**Exercise**
When you reach a picture, leave it out; output everything else in the records exactly.
*** Opening Data to examine ***
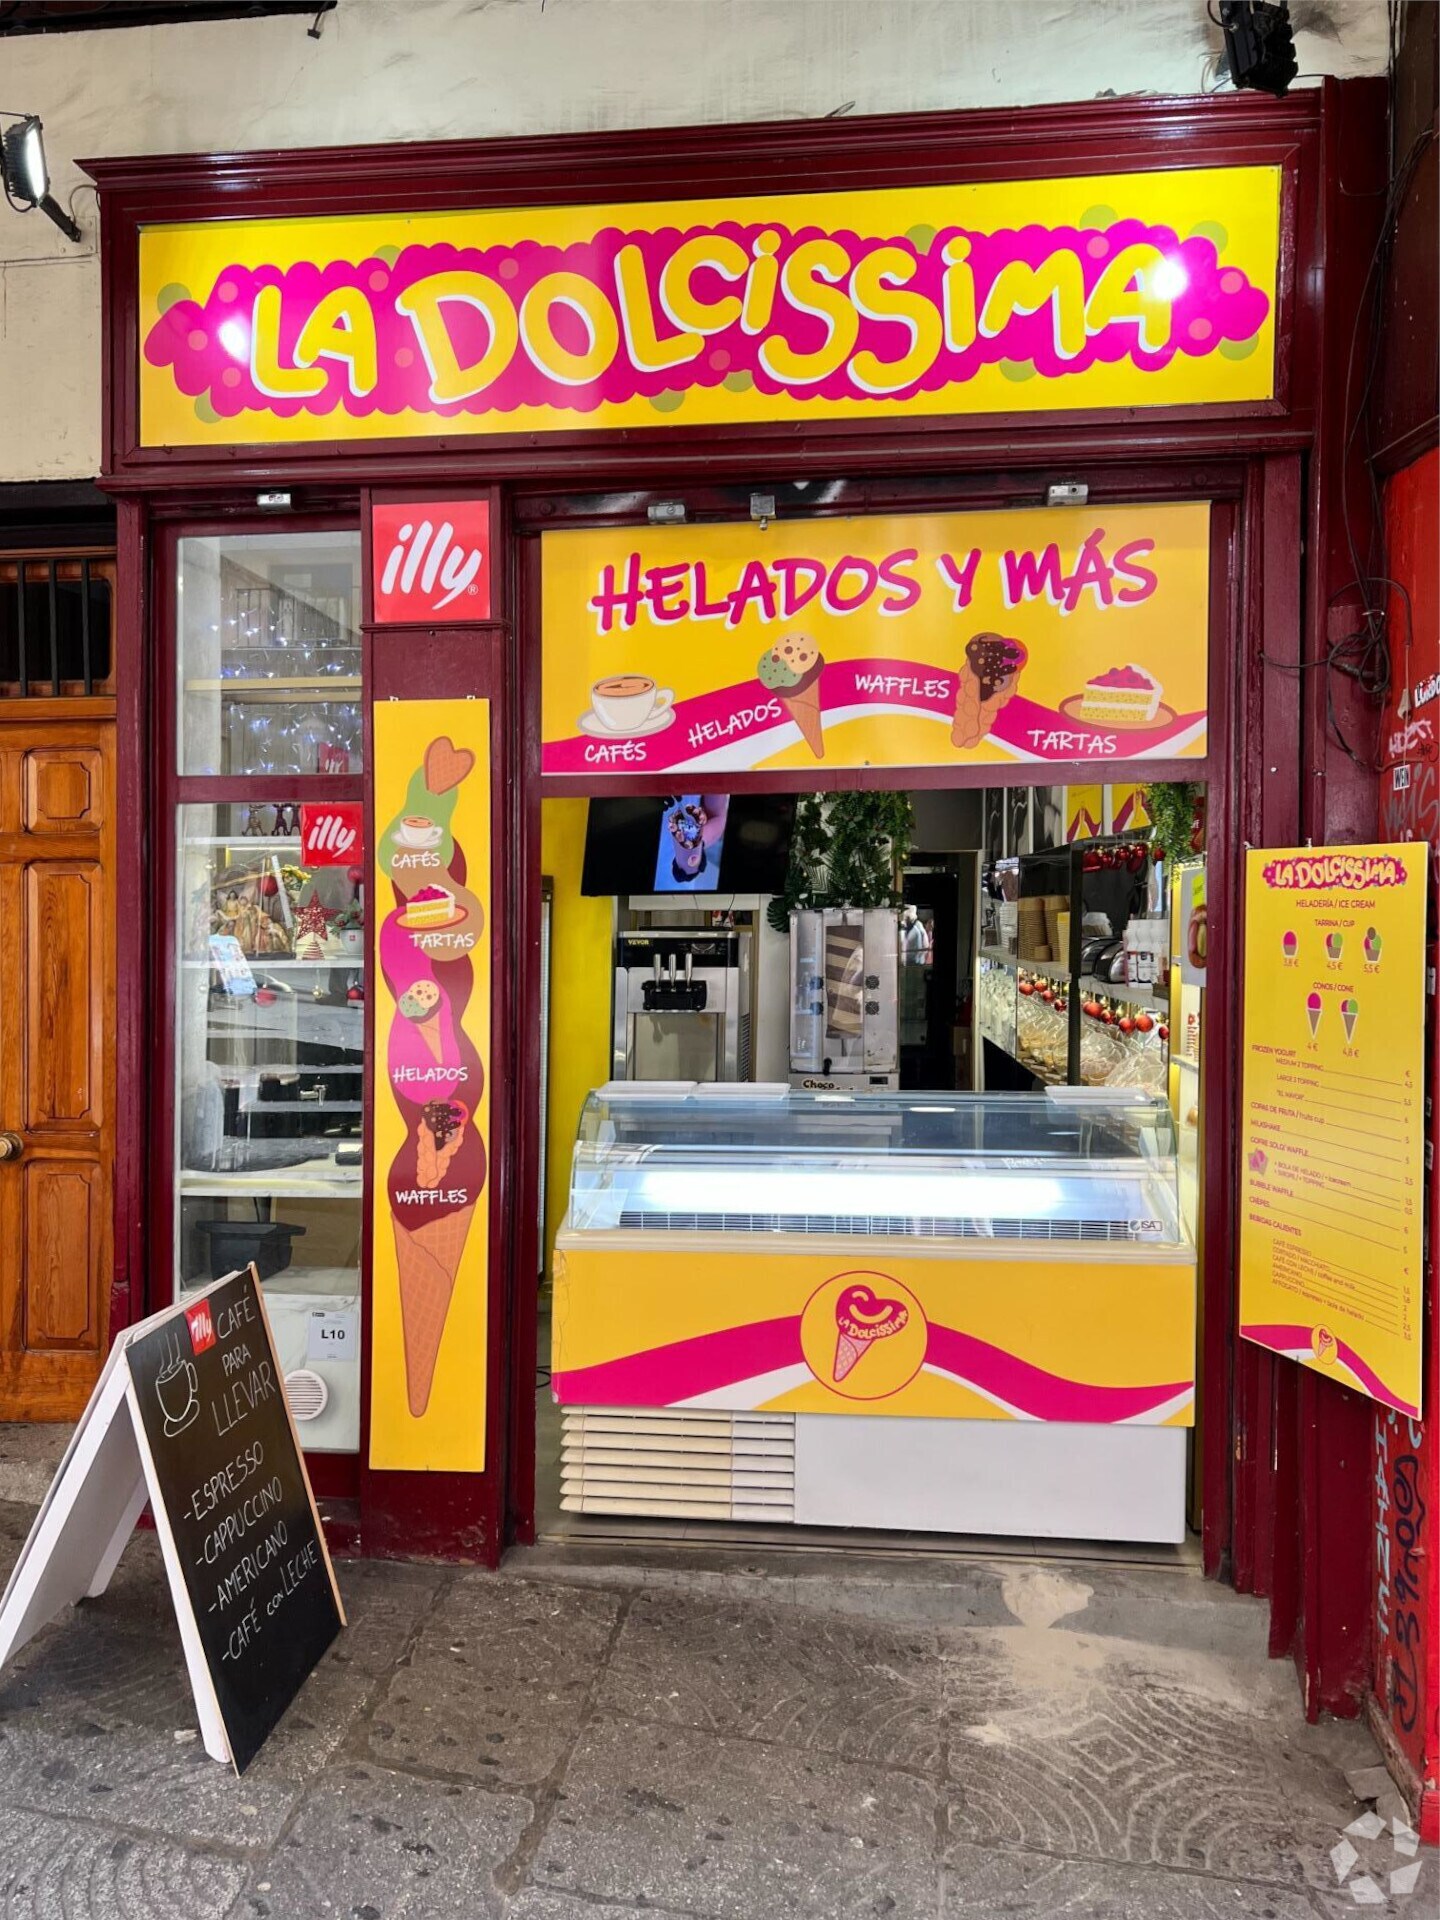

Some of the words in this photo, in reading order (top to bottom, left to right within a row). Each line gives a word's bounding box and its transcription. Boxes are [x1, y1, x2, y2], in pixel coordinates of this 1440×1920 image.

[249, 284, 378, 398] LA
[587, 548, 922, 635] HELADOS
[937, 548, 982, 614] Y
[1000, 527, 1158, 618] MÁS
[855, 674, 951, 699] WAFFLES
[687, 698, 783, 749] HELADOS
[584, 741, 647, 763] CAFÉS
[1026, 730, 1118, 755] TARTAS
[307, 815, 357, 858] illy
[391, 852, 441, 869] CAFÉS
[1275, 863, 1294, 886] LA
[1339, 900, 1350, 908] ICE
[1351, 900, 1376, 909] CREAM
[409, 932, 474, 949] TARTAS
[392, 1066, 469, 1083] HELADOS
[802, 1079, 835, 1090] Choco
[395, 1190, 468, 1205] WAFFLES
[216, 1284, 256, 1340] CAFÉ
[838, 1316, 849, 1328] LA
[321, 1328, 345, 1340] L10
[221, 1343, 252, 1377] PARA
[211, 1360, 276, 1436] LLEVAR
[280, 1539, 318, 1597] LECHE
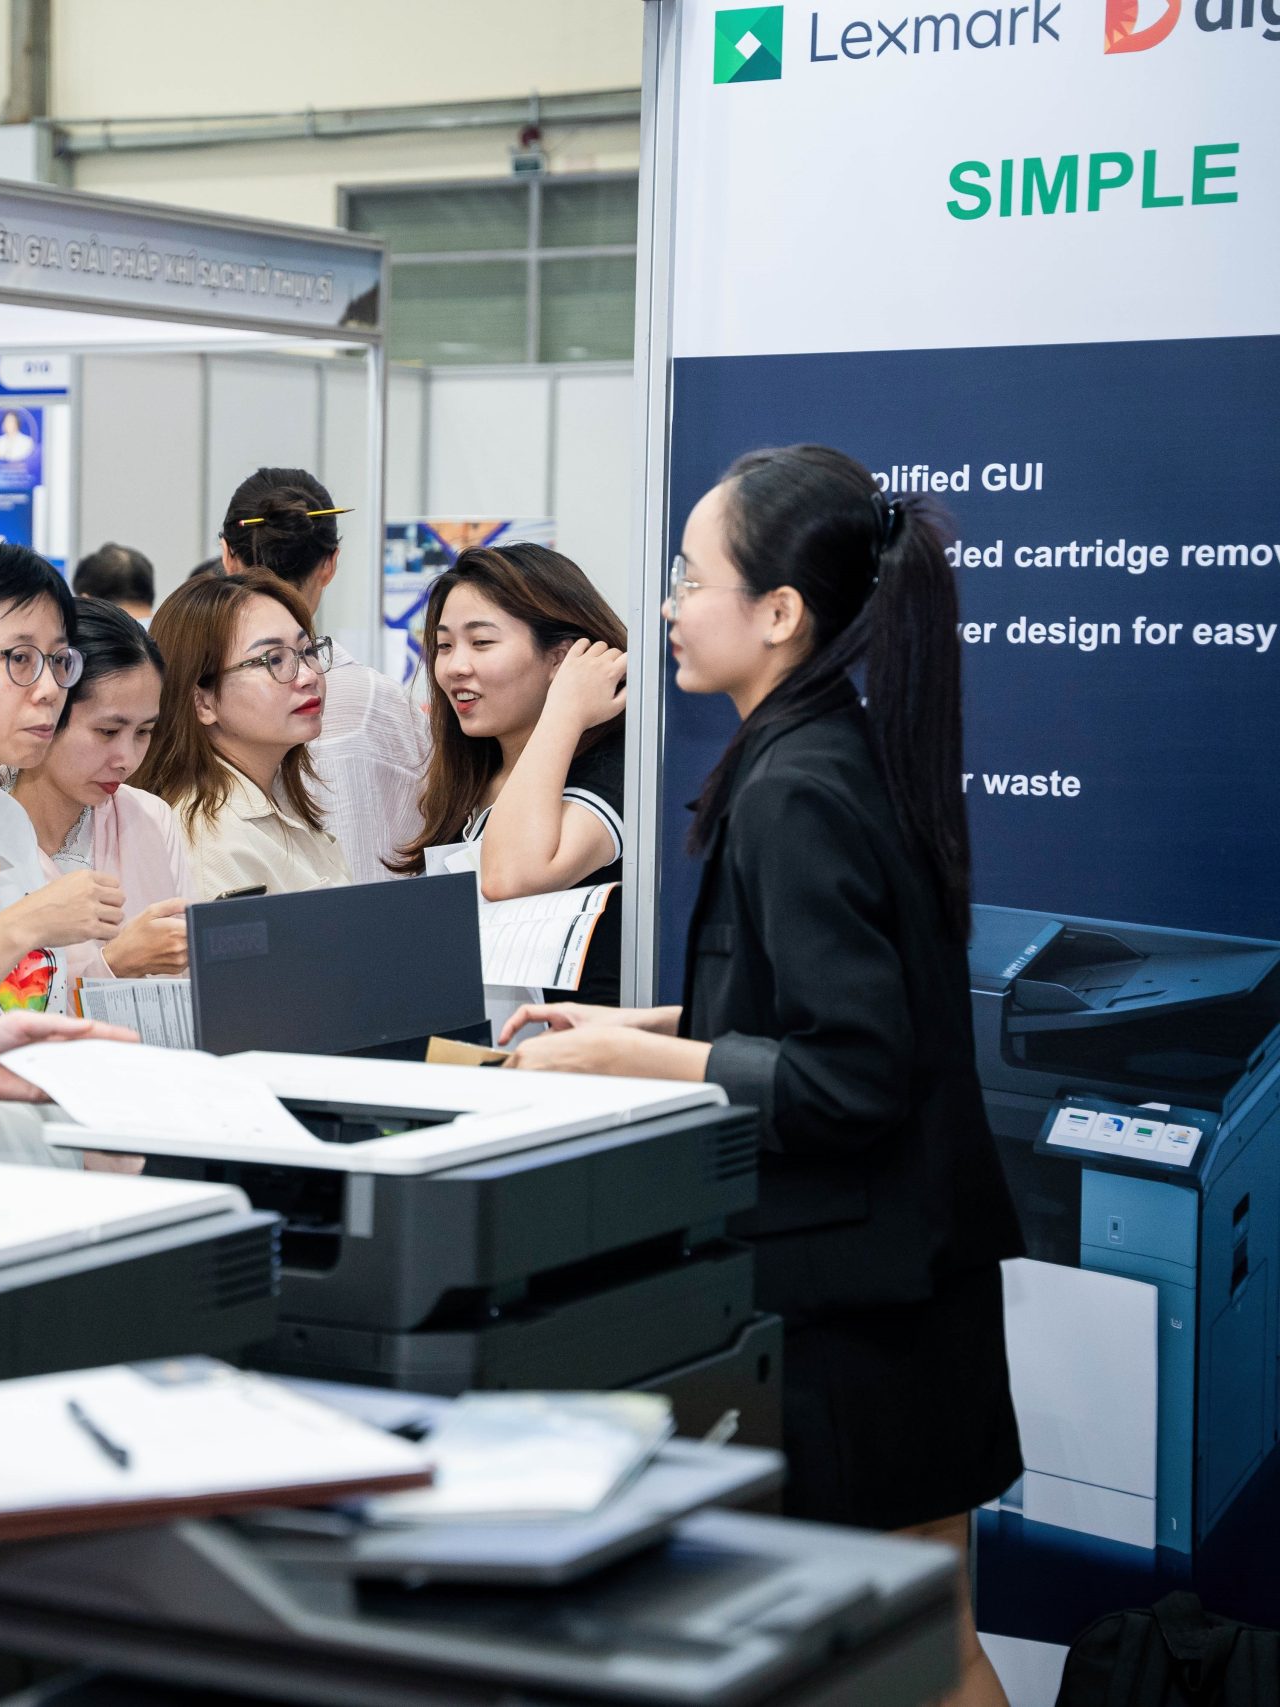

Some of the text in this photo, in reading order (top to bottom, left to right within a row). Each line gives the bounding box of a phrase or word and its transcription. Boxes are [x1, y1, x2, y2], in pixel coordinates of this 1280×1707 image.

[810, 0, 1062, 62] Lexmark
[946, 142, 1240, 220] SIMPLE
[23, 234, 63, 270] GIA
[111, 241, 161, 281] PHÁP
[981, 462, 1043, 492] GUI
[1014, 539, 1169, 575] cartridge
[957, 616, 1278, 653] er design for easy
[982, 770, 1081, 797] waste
*** Closing Data to examine ***
**Solution to this task**
Some of the words in this photo, in reading order (top to bottom, left to right within a row). Each line gives a word's bounding box and its transcription. Boxes are [x1, y1, x2, y2], in pixel coordinates of this 1440×1920 image.

[249, 284, 378, 398] LA
[587, 548, 922, 635] HELADOS
[937, 548, 982, 614] Y
[1000, 527, 1158, 618] MÁS
[855, 674, 951, 699] WAFFLES
[687, 698, 783, 749] HELADOS
[584, 741, 647, 763] CAFÉS
[1026, 730, 1118, 755] TARTAS
[307, 815, 357, 858] illy
[391, 852, 441, 869] CAFÉS
[1275, 863, 1294, 886] LA
[1339, 900, 1350, 908] ICE
[1351, 900, 1376, 909] CREAM
[409, 932, 474, 949] TARTAS
[392, 1066, 469, 1083] HELADOS
[802, 1079, 835, 1090] Choco
[395, 1190, 468, 1205] WAFFLES
[216, 1284, 256, 1340] CAFÉ
[838, 1316, 849, 1328] LA
[321, 1328, 345, 1340] L10
[221, 1343, 252, 1377] PARA
[211, 1360, 276, 1436] LLEVAR
[280, 1539, 318, 1597] LECHE

Some of the text in this photo, in reading order (top to bottom, left to right within a row). Each line gives the bounding box of a phrase or word and its transcription. Boxes are [x1, y1, x2, y2], in pixel coordinates of this 1280×1707 image.

[810, 0, 1062, 62] Lexmark
[946, 142, 1240, 220] SIMPLE
[23, 234, 63, 270] GIA
[111, 241, 161, 281] PHÁP
[981, 462, 1043, 492] GUI
[1014, 539, 1169, 575] cartridge
[957, 616, 1278, 653] er design for easy
[982, 770, 1081, 797] waste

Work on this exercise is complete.